> [TO DO]: With the images left out, print all of the records below exactly.

> [RECORDED INFORMATION]:
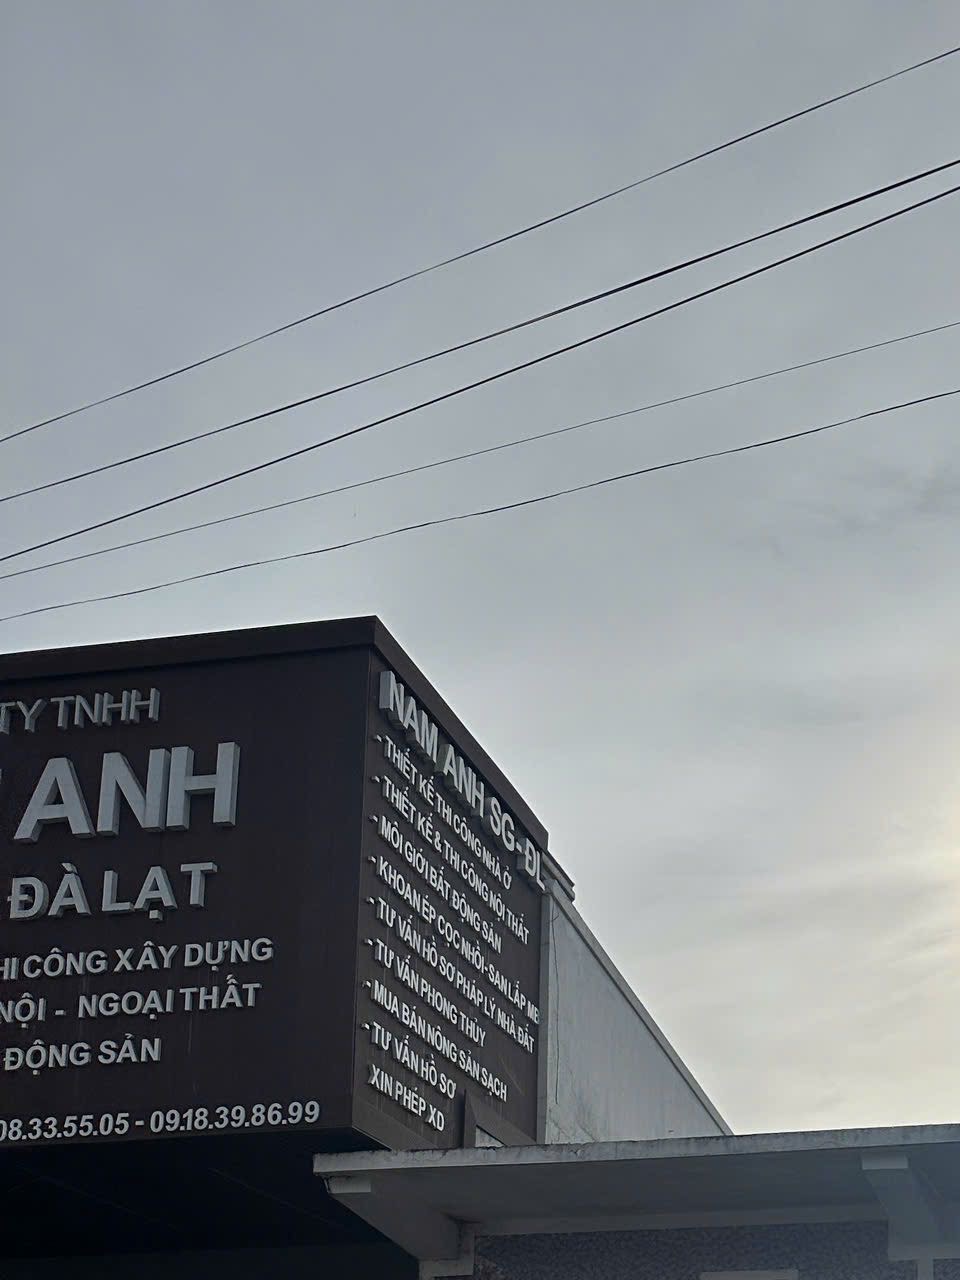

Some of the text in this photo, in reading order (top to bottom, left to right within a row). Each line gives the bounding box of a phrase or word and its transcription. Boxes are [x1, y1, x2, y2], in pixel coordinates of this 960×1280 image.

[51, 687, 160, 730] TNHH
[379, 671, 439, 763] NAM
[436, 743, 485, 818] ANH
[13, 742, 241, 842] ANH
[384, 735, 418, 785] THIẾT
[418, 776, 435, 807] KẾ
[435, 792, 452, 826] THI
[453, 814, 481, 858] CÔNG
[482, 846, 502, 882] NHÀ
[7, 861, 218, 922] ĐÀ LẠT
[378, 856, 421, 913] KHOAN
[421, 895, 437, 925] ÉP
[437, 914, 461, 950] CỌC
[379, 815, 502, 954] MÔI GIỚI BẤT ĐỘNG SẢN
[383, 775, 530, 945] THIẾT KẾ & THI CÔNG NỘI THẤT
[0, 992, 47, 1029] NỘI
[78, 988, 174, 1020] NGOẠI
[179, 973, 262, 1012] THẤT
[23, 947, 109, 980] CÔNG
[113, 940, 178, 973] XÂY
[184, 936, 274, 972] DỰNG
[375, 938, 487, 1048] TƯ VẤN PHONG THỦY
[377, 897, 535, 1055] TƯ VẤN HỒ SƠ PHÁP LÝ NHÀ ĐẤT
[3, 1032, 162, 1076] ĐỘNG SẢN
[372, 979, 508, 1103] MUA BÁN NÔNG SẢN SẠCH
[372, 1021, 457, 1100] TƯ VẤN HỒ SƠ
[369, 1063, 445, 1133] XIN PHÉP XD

> [RESULT]:
Some of the text in this photo, in reading order (top to bottom, left to right within a row). Each line gives the bounding box of a phrase or word and its transcription. Boxes are [x1, y1, x2, y2], in pixel coordinates of this 960×1280 image.

[51, 687, 160, 730] TNHH
[379, 671, 439, 763] NAM
[436, 743, 485, 818] ANH
[13, 742, 241, 842] ANH
[384, 735, 418, 785] THIẾT
[418, 776, 435, 807] KẾ
[435, 792, 452, 826] THI
[453, 814, 481, 858] CÔNG
[482, 846, 502, 882] NHÀ
[7, 861, 218, 922] ĐÀ LẠT
[378, 856, 421, 913] KHOAN
[421, 895, 437, 925] ÉP
[437, 914, 461, 950] CỌC
[379, 815, 502, 954] MÔI GIỚI BẤT ĐỘNG SẢN
[383, 775, 530, 945] THIẾT KẾ & THI CÔNG NỘI THẤT
[0, 992, 47, 1029] NỘI
[78, 988, 174, 1020] NGOẠI
[179, 973, 262, 1012] THẤT
[23, 947, 109, 980] CÔNG
[113, 940, 178, 973] XÂY
[184, 936, 274, 972] DỰNG
[375, 938, 487, 1048] TƯ VẤN PHONG THỦY
[377, 897, 535, 1055] TƯ VẤN HỒ SƠ PHÁP LÝ NHÀ ĐẤT
[3, 1032, 162, 1076] ĐỘNG SẢN
[372, 979, 508, 1103] MUA BÁN NÔNG SẢN SẠCH
[372, 1021, 457, 1100] TƯ VẤN HỒ SƠ
[369, 1063, 445, 1133] XIN PHÉP XD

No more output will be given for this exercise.